Supplied records START
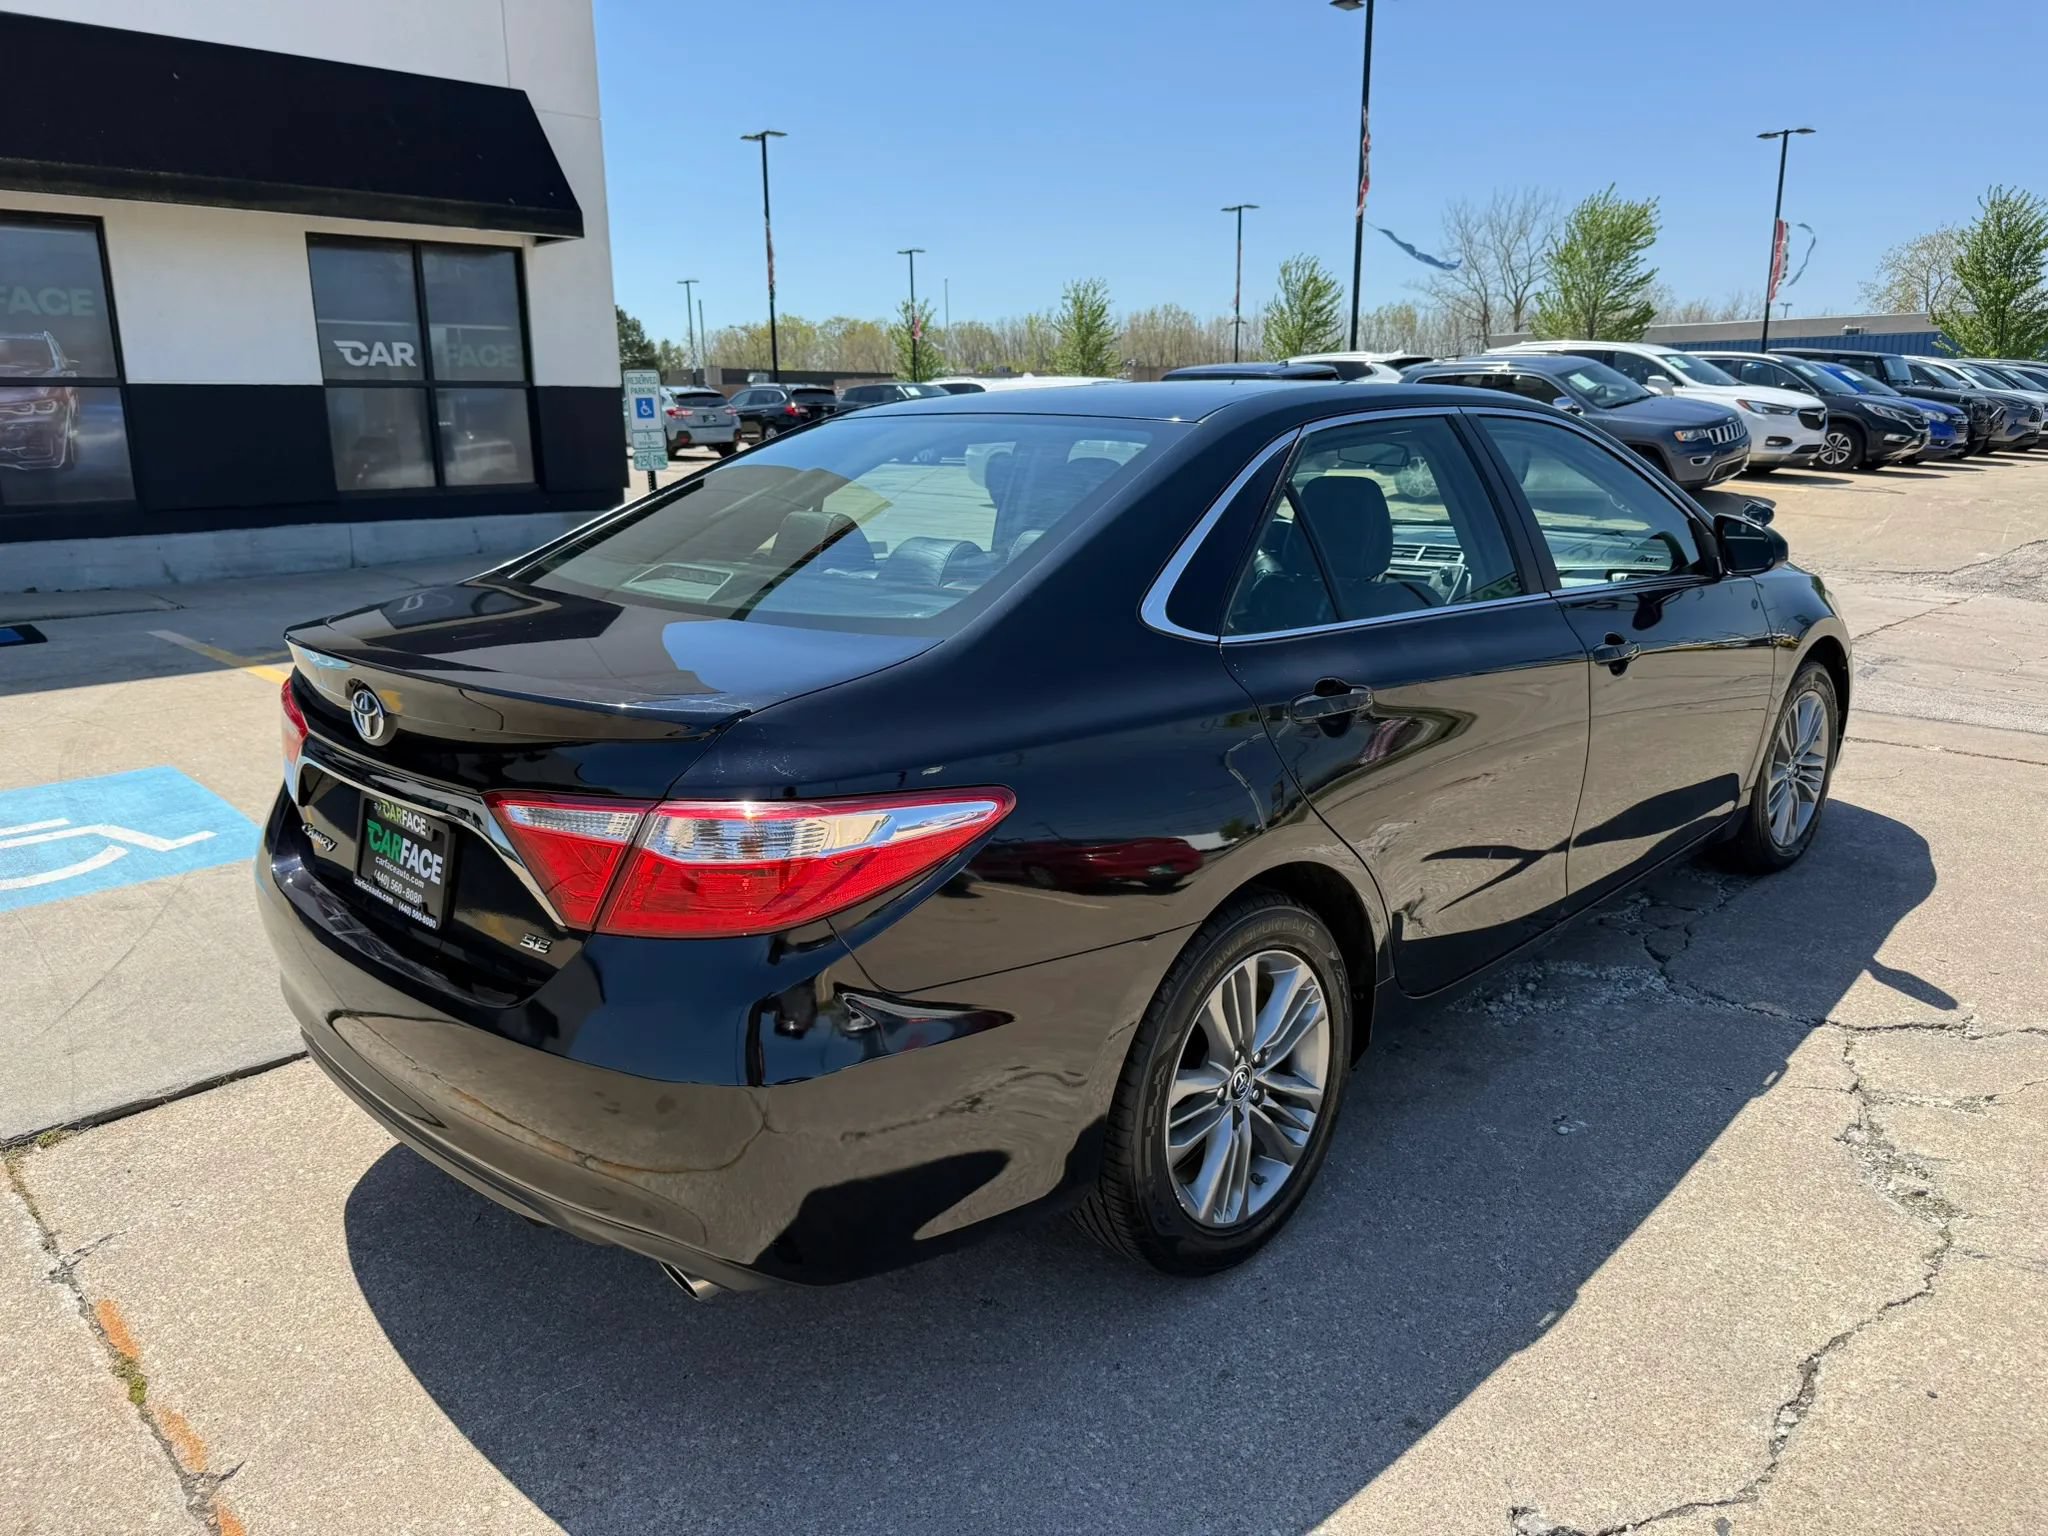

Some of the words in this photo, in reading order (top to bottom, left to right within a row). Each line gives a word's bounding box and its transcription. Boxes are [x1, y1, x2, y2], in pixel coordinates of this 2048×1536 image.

[334, 340, 416, 367] CAR
[446, 344, 517, 368] FACE
[630, 387, 657, 395] PARKING
[380, 799, 426, 836] CARFACE
[367, 818, 443, 885] CARFACE
[375, 856, 425, 889] carfaceauto.com
[354, 878, 394, 905] carfaceauto.com
[520, 933, 550, 954] SE
Supplied records END
▶ _Work to be completed_: Give every line of the listing above again, exactly, with no images.

▶ _Exercise answer_:
Some of the words in this photo, in reading order (top to bottom, left to right within a row). Each line gives a word's bounding box and its transcription. Boxes are [x1, y1, x2, y2], in pixel coordinates of this 2048×1536 image.

[334, 340, 416, 367] CAR
[446, 344, 517, 368] FACE
[630, 387, 657, 395] PARKING
[380, 799, 426, 836] CARFACE
[367, 818, 443, 885] CARFACE
[375, 856, 425, 889] carfaceauto.com
[354, 878, 394, 905] carfaceauto.com
[520, 933, 550, 954] SE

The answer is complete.